* [TASK TO CARRY OUT] From the line containing "this 1500×1333 image." to the end of the listing, write out every line exactly; leave out everything else.

* [TASK MATERIAL]
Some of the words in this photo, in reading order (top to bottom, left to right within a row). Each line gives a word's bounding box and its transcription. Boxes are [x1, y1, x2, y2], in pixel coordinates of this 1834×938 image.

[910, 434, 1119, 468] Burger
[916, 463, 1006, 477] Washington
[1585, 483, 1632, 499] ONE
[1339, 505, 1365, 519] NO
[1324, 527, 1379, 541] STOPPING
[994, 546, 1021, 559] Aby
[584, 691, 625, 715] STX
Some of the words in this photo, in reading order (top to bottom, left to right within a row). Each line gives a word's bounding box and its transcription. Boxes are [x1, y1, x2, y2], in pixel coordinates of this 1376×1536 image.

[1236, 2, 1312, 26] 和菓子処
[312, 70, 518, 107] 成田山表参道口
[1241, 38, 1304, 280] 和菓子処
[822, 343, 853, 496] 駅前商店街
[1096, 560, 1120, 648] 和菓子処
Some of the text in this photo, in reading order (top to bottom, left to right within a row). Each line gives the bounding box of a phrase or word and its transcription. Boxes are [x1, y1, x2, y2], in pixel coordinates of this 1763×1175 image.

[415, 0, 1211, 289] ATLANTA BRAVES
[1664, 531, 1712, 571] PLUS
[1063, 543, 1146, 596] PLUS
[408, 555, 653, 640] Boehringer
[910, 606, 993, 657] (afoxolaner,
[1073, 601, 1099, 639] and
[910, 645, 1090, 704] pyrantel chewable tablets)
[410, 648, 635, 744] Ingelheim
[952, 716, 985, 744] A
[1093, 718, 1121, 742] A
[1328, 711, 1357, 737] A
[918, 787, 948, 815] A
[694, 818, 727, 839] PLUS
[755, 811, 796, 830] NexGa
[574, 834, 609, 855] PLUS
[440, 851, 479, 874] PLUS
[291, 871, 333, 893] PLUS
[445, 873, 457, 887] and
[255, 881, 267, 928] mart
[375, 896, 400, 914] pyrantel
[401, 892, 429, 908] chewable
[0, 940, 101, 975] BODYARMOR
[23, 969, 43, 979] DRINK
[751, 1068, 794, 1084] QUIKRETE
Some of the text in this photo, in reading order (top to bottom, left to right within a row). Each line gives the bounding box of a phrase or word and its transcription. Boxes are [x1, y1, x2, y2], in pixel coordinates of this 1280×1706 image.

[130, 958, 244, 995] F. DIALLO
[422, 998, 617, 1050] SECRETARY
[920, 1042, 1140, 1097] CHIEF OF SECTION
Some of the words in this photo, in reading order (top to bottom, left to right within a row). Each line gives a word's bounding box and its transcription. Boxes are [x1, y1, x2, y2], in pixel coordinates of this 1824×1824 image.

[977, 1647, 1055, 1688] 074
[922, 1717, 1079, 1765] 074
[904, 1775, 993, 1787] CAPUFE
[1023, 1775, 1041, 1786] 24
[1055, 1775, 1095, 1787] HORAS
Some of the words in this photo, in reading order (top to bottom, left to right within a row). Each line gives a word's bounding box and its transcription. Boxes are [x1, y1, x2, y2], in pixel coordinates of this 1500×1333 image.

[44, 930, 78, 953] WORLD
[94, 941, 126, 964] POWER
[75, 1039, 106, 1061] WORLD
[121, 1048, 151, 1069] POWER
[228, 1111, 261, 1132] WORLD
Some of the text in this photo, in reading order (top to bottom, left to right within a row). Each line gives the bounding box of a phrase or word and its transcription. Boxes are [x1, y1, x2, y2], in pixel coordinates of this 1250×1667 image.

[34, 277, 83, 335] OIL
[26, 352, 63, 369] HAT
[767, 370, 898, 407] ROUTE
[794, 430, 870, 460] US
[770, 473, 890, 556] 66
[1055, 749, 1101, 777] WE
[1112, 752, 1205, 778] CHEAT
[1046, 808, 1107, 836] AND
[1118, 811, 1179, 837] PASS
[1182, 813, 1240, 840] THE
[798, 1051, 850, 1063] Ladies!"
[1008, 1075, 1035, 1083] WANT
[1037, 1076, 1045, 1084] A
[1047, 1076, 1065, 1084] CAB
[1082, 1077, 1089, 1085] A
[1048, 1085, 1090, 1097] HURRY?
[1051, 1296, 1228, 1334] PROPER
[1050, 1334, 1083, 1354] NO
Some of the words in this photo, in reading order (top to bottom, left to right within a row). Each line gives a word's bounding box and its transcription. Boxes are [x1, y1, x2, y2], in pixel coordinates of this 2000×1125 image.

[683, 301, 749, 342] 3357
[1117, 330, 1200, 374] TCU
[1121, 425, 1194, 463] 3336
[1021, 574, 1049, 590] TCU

* [EXERCISE OUTPUT]
Some of the words in this photo, in reading order (top to bottom, left to right within a row). Each line gives a word's bounding box and its transcription. Boxes are [x1, y1, x2, y2], in pixel coordinates of this 1500×1333 image.

[44, 930, 78, 953] WORLD
[94, 941, 126, 964] POWER
[75, 1039, 106, 1061] WORLD
[121, 1048, 151, 1069] POWER
[228, 1111, 261, 1132] WORLD
Some of the text in this photo, in reading order (top to bottom, left to right within a row). Each line gives the bounding box of a phrase or word and its transcription. Boxes are [x1, y1, x2, y2], in pixel coordinates of this 1250×1667 image.

[34, 277, 83, 335] OIL
[26, 352, 63, 369] HAT
[767, 370, 898, 407] ROUTE
[794, 430, 870, 460] US
[770, 473, 890, 556] 66
[1055, 749, 1101, 777] WE
[1112, 752, 1205, 778] CHEAT
[1046, 808, 1107, 836] AND
[1118, 811, 1179, 837] PASS
[1182, 813, 1240, 840] THE
[798, 1051, 850, 1063] Ladies!"
[1008, 1075, 1035, 1083] WANT
[1037, 1076, 1045, 1084] A
[1047, 1076, 1065, 1084] CAB
[1082, 1077, 1089, 1085] A
[1048, 1085, 1090, 1097] HURRY?
[1051, 1296, 1228, 1334] PROPER
[1050, 1334, 1083, 1354] NO
Some of the words in this photo, in reading order (top to bottom, left to right within a row). Each line gives a word's bounding box and its transcription. Boxes are [x1, y1, x2, y2], in pixel coordinates of this 2000×1125 image.

[683, 301, 749, 342] 3357
[1117, 330, 1200, 374] TCU
[1121, 425, 1194, 463] 3336
[1021, 574, 1049, 590] TCU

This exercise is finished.